• [BRIEF] Every record should be copied exactly, except that pictures are to be omitted.
>>>>
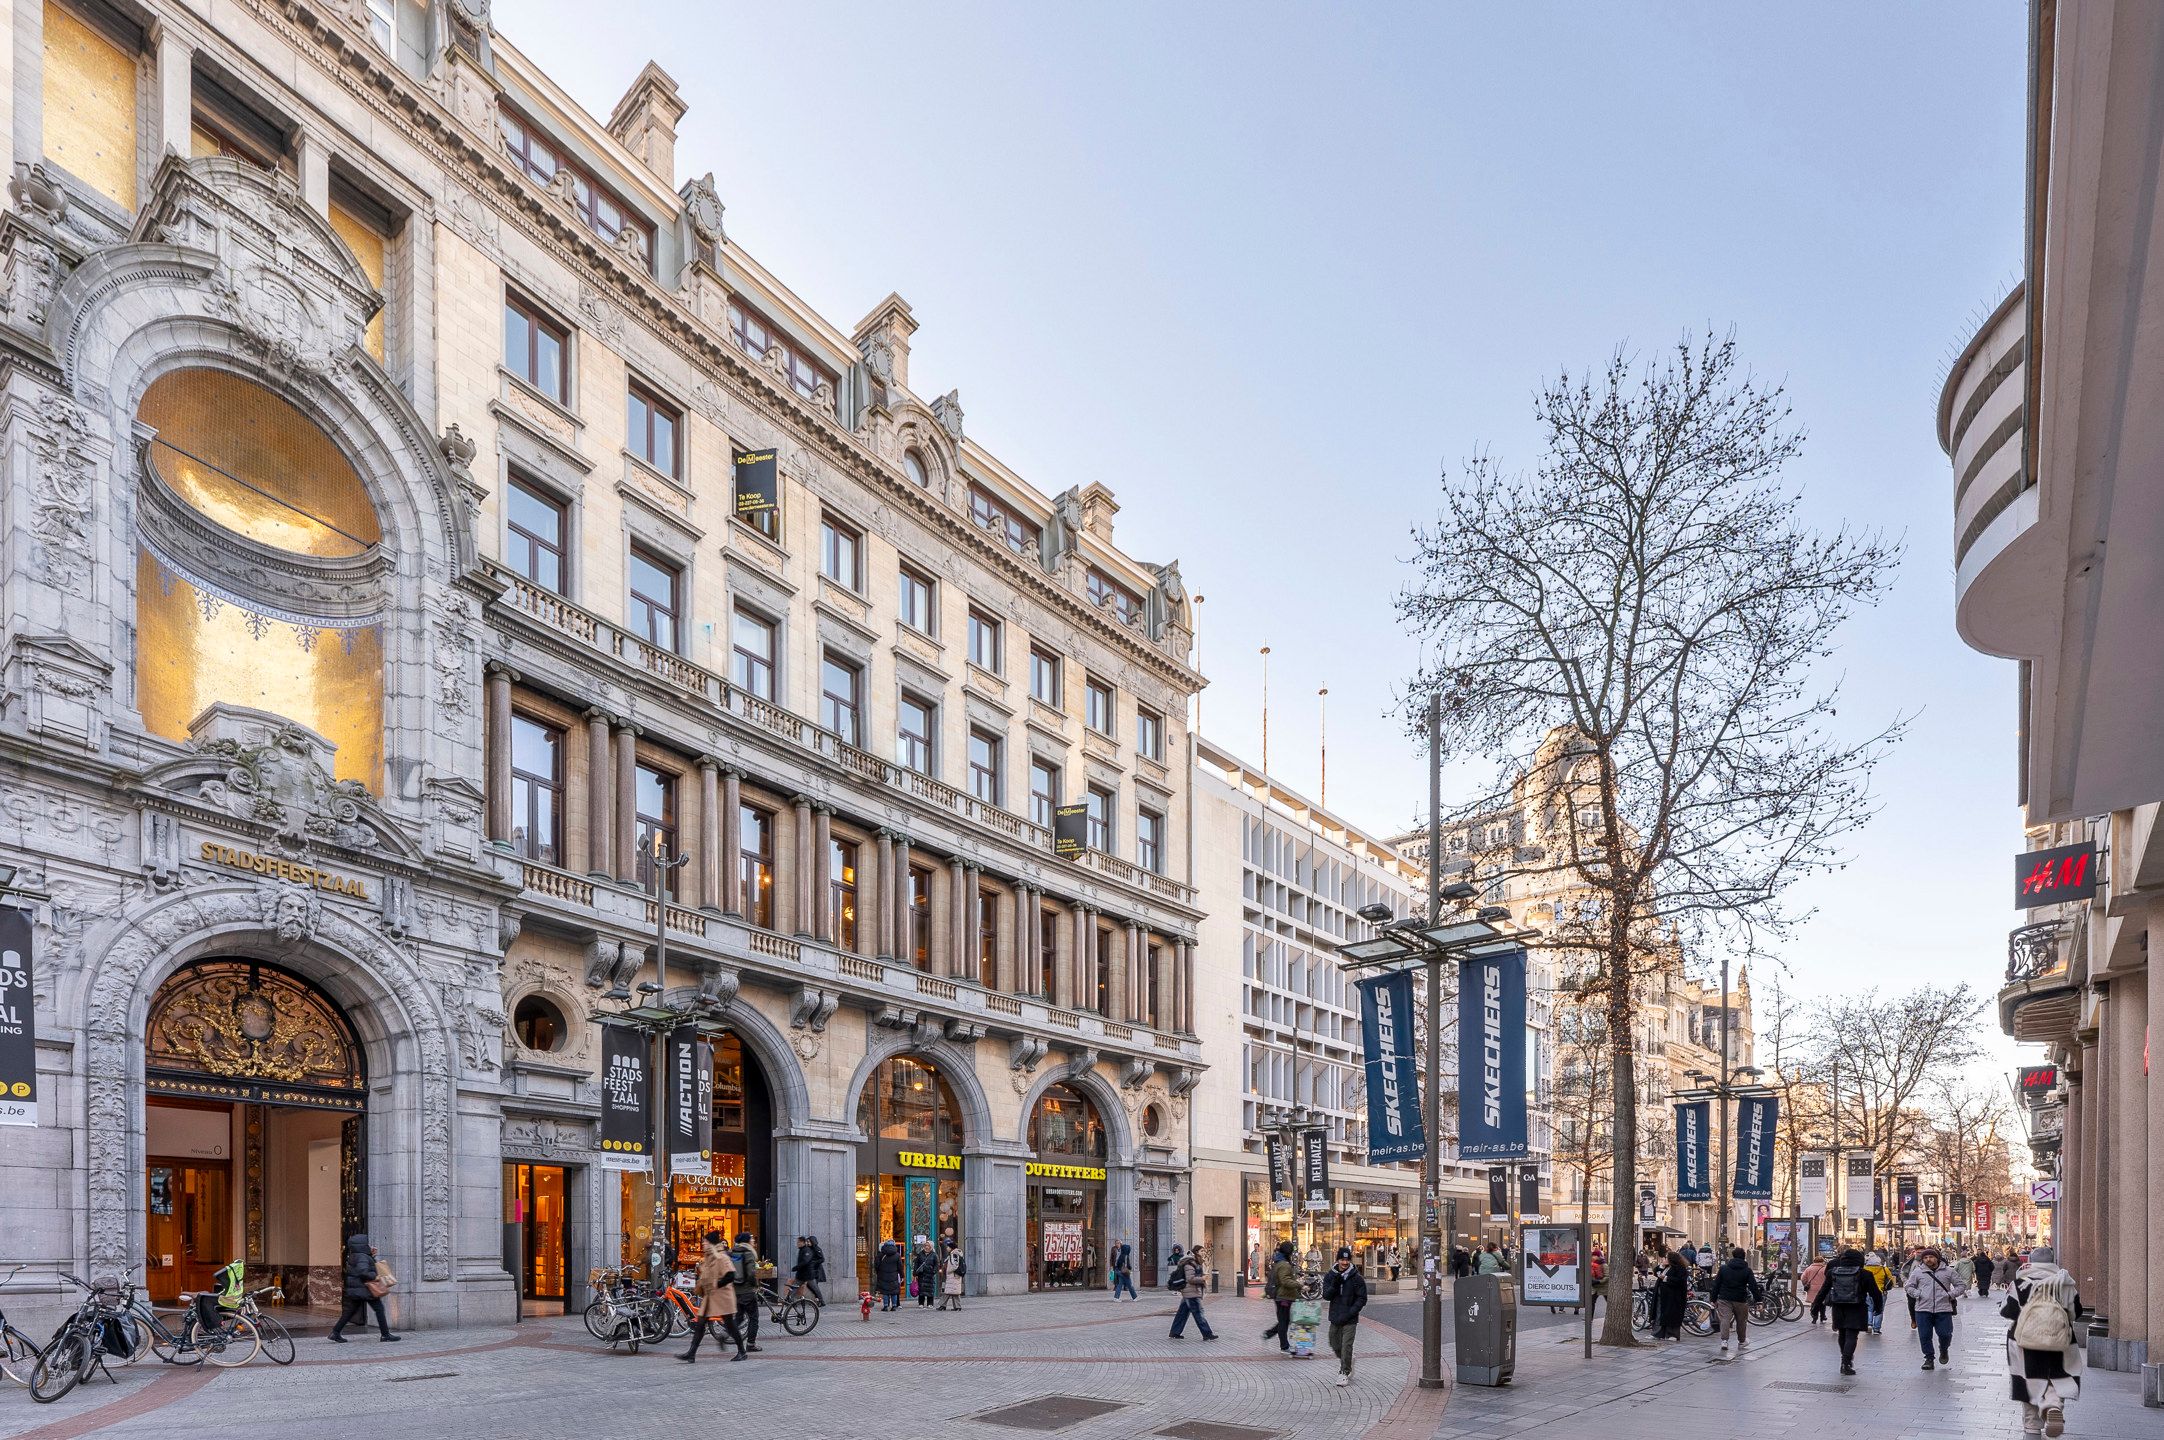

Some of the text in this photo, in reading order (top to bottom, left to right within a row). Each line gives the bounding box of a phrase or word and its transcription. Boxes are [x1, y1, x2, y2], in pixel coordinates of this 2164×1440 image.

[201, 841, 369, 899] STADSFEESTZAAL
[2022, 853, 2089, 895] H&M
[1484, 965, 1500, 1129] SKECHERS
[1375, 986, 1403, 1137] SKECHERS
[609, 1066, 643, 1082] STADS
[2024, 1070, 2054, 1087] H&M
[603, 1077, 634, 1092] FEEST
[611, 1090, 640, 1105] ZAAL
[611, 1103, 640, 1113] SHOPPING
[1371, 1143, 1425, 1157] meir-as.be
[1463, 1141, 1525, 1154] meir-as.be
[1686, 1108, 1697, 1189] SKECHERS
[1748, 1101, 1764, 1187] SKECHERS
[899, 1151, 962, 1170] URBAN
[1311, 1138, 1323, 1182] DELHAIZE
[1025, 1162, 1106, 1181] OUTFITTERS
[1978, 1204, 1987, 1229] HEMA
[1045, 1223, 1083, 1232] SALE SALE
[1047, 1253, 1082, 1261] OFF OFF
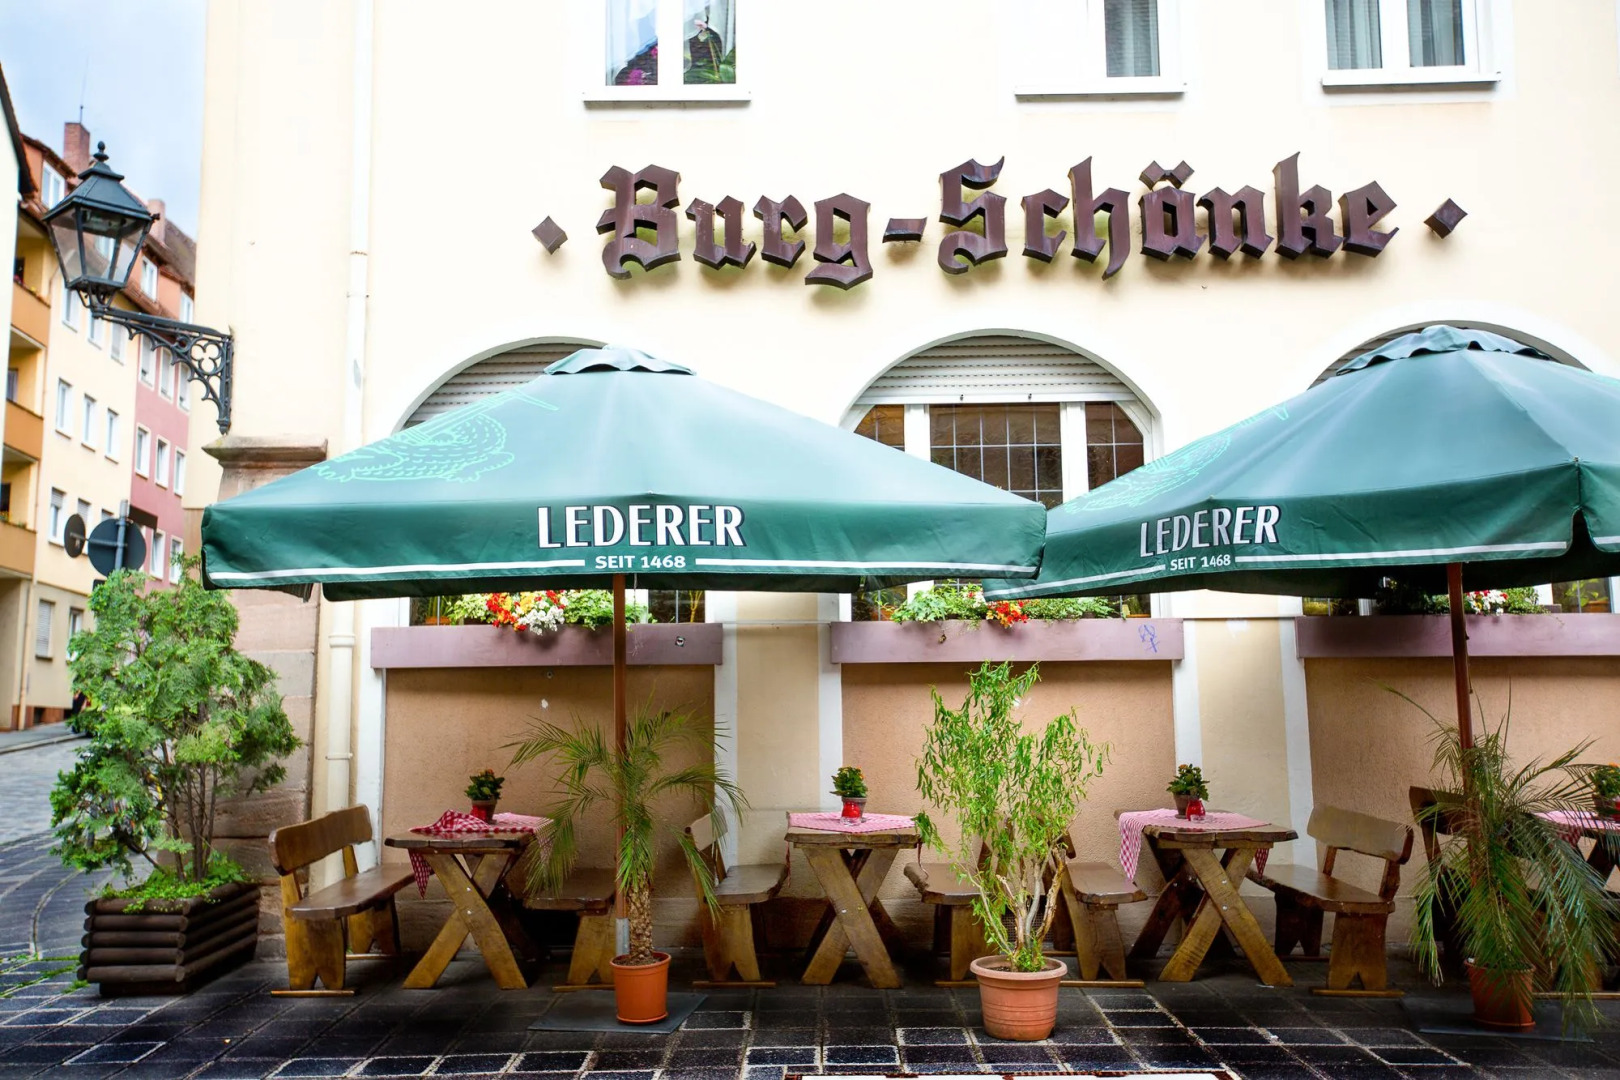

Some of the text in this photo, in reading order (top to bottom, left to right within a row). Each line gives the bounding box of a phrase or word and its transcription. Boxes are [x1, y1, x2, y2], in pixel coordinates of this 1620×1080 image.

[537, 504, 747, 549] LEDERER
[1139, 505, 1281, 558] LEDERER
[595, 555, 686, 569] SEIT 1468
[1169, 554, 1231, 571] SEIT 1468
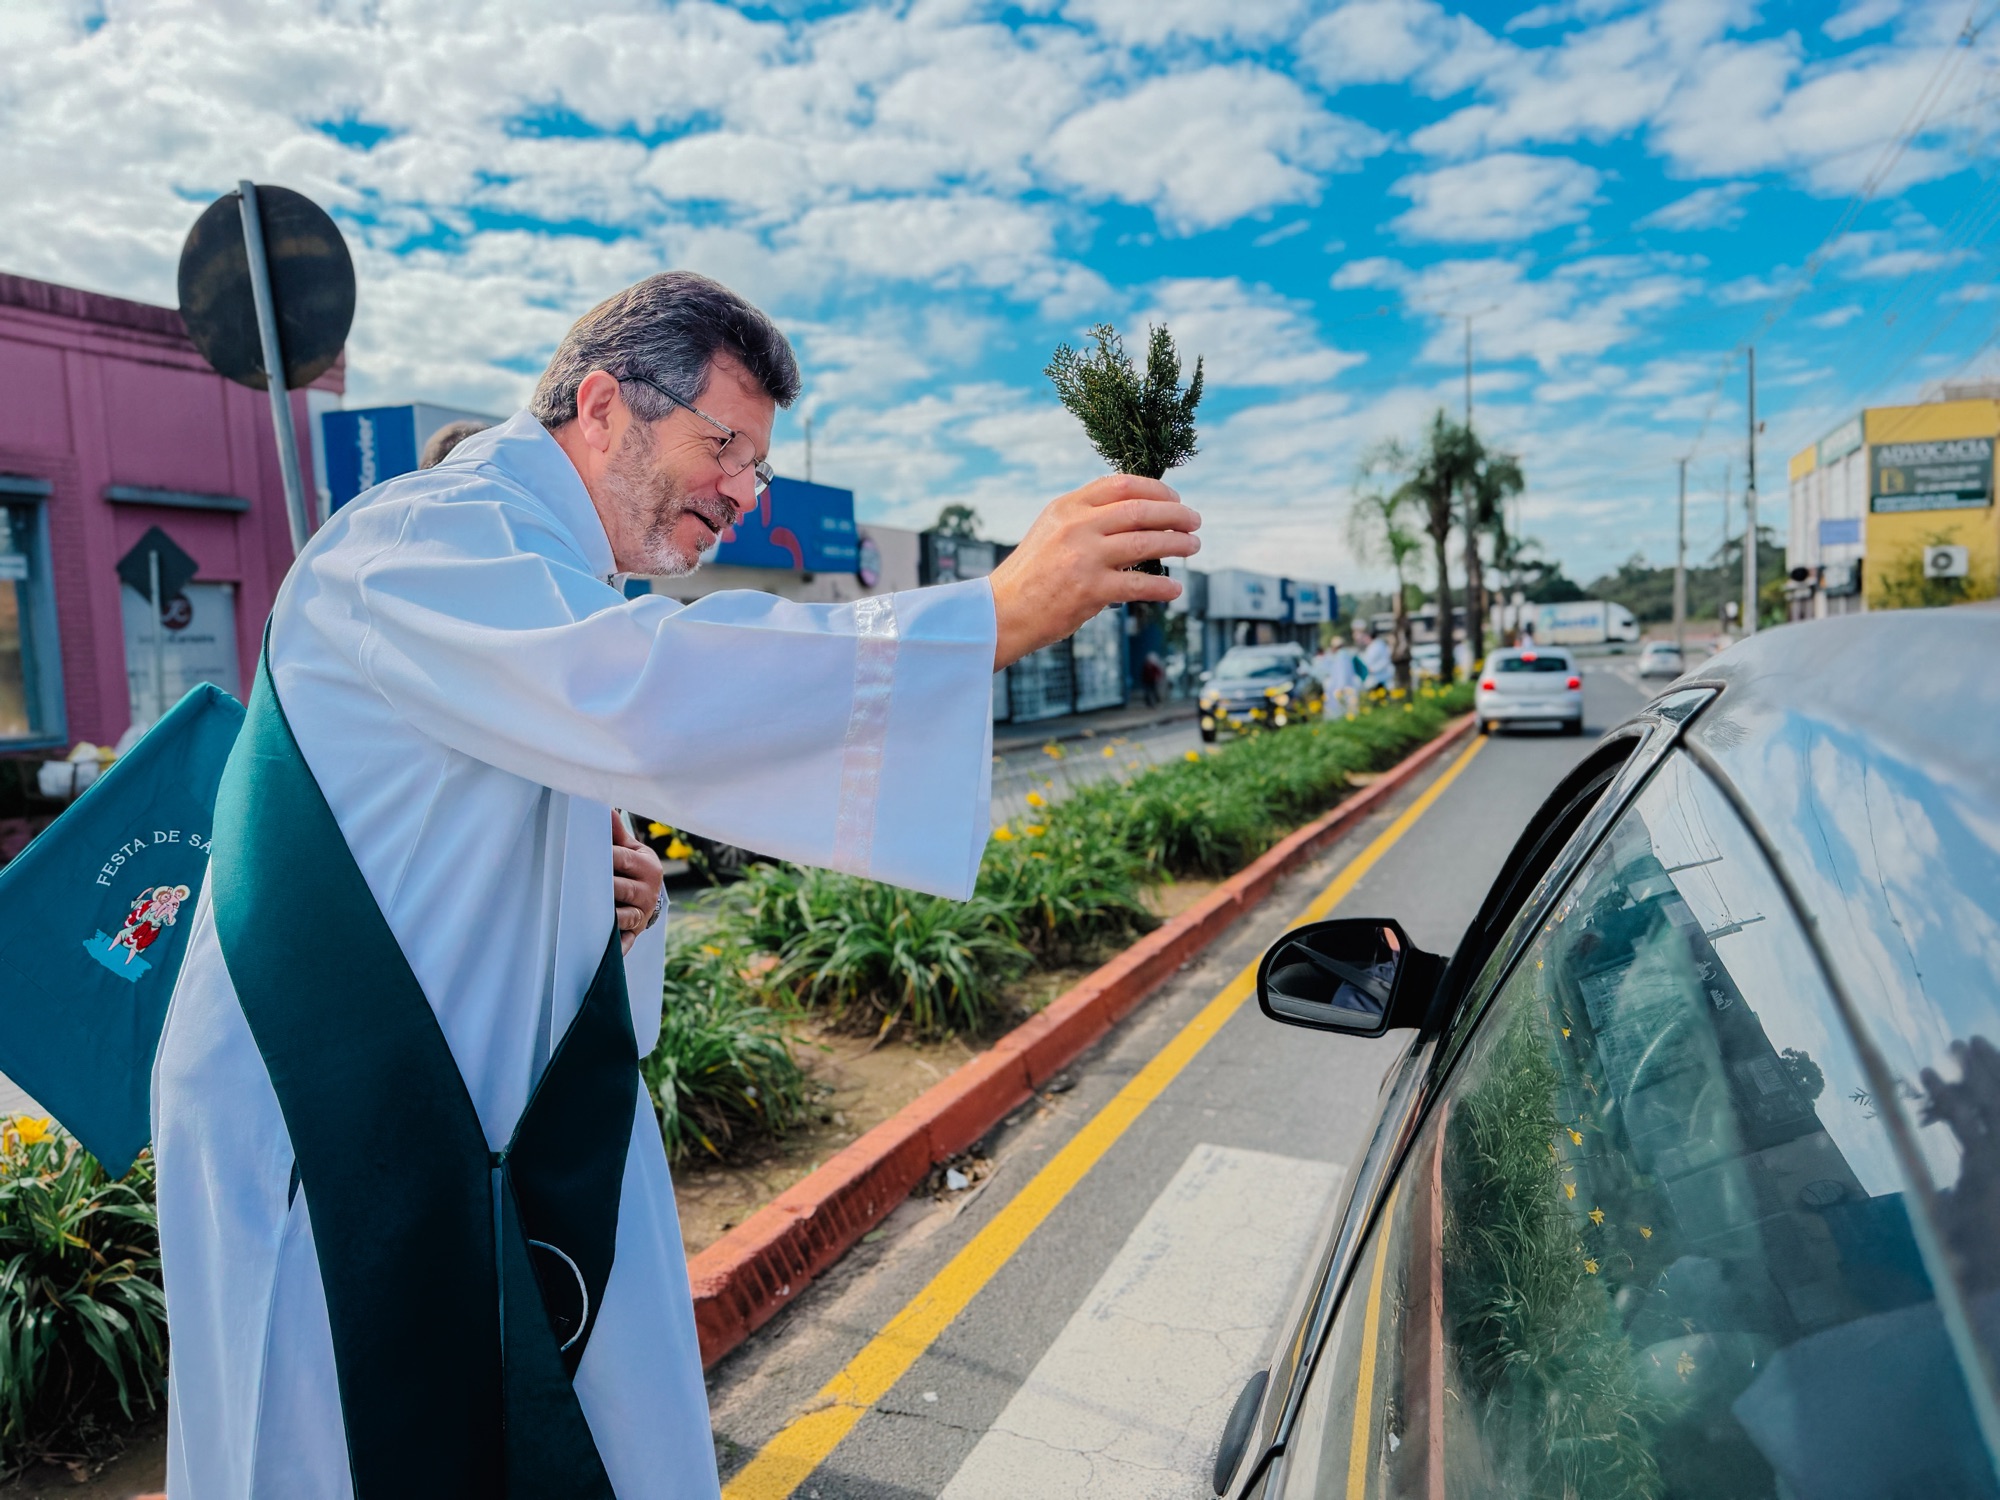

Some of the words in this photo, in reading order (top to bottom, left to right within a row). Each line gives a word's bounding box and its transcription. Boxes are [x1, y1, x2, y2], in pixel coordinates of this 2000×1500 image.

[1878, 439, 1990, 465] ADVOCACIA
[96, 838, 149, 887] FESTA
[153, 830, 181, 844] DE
<<<<
• [REPLY TO THE EXERCISE]
Some of the text in this photo, in reading order (top to bottom, left to right within a row). Each line gives the bounding box of a phrase or word and its transcription. Boxes are [x1, y1, x2, y2], in pixel coordinates of this 2164×1440 image.

[201, 841, 369, 899] STADSFEESTZAAL
[2022, 853, 2089, 895] H&M
[1484, 965, 1500, 1129] SKECHERS
[1375, 986, 1403, 1137] SKECHERS
[609, 1066, 643, 1082] STADS
[2024, 1070, 2054, 1087] H&M
[603, 1077, 634, 1092] FEEST
[611, 1090, 640, 1105] ZAAL
[611, 1103, 640, 1113] SHOPPING
[1371, 1143, 1425, 1157] meir-as.be
[1463, 1141, 1525, 1154] meir-as.be
[1686, 1108, 1697, 1189] SKECHERS
[1748, 1101, 1764, 1187] SKECHERS
[899, 1151, 962, 1170] URBAN
[1311, 1138, 1323, 1182] DELHAIZE
[1025, 1162, 1106, 1181] OUTFITTERS
[1978, 1204, 1987, 1229] HEMA
[1045, 1223, 1083, 1232] SALE SALE
[1047, 1253, 1082, 1261] OFF OFF

Some of the text in this photo, in reading order (top to bottom, left to right within a row). Each line gives the bounding box of a phrase or word and its transcription. Boxes are [x1, y1, x2, y2], in pixel coordinates of this 1620×1080 image.

[537, 504, 747, 549] LEDERER
[1139, 505, 1281, 558] LEDERER
[595, 555, 686, 569] SEIT 1468
[1169, 554, 1231, 571] SEIT 1468

Some of the words in this photo, in reading order (top to bottom, left to right within a row). Each line gives a word's bounding box and its transcription. Boxes are [x1, y1, x2, y2], in pixel coordinates of this 2000×1500 image.

[1878, 439, 1990, 465] ADVOCACIA
[96, 838, 149, 887] FESTA
[153, 830, 181, 844] DE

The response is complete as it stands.